- About this exercise
Exactly as they appear, set down all of the records.

- Given entries
◇ ◇ ◇

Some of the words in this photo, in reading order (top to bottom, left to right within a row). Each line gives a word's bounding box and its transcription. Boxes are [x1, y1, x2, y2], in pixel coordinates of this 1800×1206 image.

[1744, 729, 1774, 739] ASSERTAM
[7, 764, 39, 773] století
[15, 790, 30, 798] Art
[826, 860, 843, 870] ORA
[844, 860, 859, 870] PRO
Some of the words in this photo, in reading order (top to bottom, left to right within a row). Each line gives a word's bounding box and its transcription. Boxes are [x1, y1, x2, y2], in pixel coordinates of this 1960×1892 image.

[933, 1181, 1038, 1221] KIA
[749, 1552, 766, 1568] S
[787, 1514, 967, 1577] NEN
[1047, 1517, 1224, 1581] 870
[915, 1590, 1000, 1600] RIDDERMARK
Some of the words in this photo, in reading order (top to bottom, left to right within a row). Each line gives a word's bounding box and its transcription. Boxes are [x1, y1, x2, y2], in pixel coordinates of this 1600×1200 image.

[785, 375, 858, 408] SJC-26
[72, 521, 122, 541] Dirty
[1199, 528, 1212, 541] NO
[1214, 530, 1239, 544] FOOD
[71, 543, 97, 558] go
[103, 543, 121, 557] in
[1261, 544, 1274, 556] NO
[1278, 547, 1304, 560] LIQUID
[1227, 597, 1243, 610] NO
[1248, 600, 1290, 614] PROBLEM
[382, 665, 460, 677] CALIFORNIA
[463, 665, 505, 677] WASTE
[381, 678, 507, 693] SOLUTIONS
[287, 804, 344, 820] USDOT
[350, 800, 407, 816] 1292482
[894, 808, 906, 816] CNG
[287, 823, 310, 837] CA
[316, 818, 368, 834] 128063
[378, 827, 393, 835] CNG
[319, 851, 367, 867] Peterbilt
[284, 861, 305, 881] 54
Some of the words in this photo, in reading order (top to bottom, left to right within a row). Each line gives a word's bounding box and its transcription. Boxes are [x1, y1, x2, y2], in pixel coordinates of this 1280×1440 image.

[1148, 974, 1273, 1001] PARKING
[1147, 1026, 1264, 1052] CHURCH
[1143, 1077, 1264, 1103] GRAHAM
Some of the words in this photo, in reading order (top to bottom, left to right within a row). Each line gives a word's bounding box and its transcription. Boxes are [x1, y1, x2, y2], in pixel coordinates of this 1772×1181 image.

◇ ◇ ◇

- Response below
Some of the words in this photo, in reading order (top to bottom, left to right within a row). Each line gives a word's bounding box and its transcription. Boxes are [x1, y1, x2, y2], in pixel coordinates of this 1800×1206 image.

[1744, 729, 1774, 739] ASSERTAM
[7, 764, 39, 773] století
[15, 790, 30, 798] Art
[826, 860, 843, 870] ORA
[844, 860, 859, 870] PRO
Some of the words in this photo, in reading order (top to bottom, left to right within a row). Each line gives a word's bounding box and its transcription. Boxes are [x1, y1, x2, y2], in pixel coordinates of this 1960×1892 image.

[933, 1181, 1038, 1221] KIA
[749, 1552, 766, 1568] S
[787, 1514, 967, 1577] NEN
[1047, 1517, 1224, 1581] 870
[915, 1590, 1000, 1600] RIDDERMARK
Some of the words in this photo, in reading order (top to bottom, left to right within a row). Each line gives a word's bounding box and its transcription. Boxes are [x1, y1, x2, y2], in pixel coordinates of this 1600×1200 image.

[785, 375, 858, 408] SJC-26
[72, 521, 122, 541] Dirty
[1199, 528, 1212, 541] NO
[1214, 530, 1239, 544] FOOD
[71, 543, 97, 558] go
[103, 543, 121, 557] in
[1261, 544, 1274, 556] NO
[1278, 547, 1304, 560] LIQUID
[1227, 597, 1243, 610] NO
[1248, 600, 1290, 614] PROBLEM
[382, 665, 460, 677] CALIFORNIA
[463, 665, 505, 677] WASTE
[381, 678, 507, 693] SOLUTIONS
[287, 804, 344, 820] USDOT
[350, 800, 407, 816] 1292482
[894, 808, 906, 816] CNG
[287, 823, 310, 837] CA
[316, 818, 368, 834] 128063
[378, 827, 393, 835] CNG
[319, 851, 367, 867] Peterbilt
[284, 861, 305, 881] 54
Some of the words in this photo, in reading order (top to bottom, left to right within a row). Each line gives a word's bounding box and its transcription. Boxes are [x1, y1, x2, y2], in pixel coordinates of this 1280×1440 image.

[1148, 974, 1273, 1001] PARKING
[1147, 1026, 1264, 1052] CHURCH
[1143, 1077, 1264, 1103] GRAHAM
Some of the words in this photo, in reading order (top to bottom, left to right within a row). Each line gives a word's bounding box and its transcription. Boxes are [x1, y1, x2, y2], in pixel coordinates of this 1772×1181 image.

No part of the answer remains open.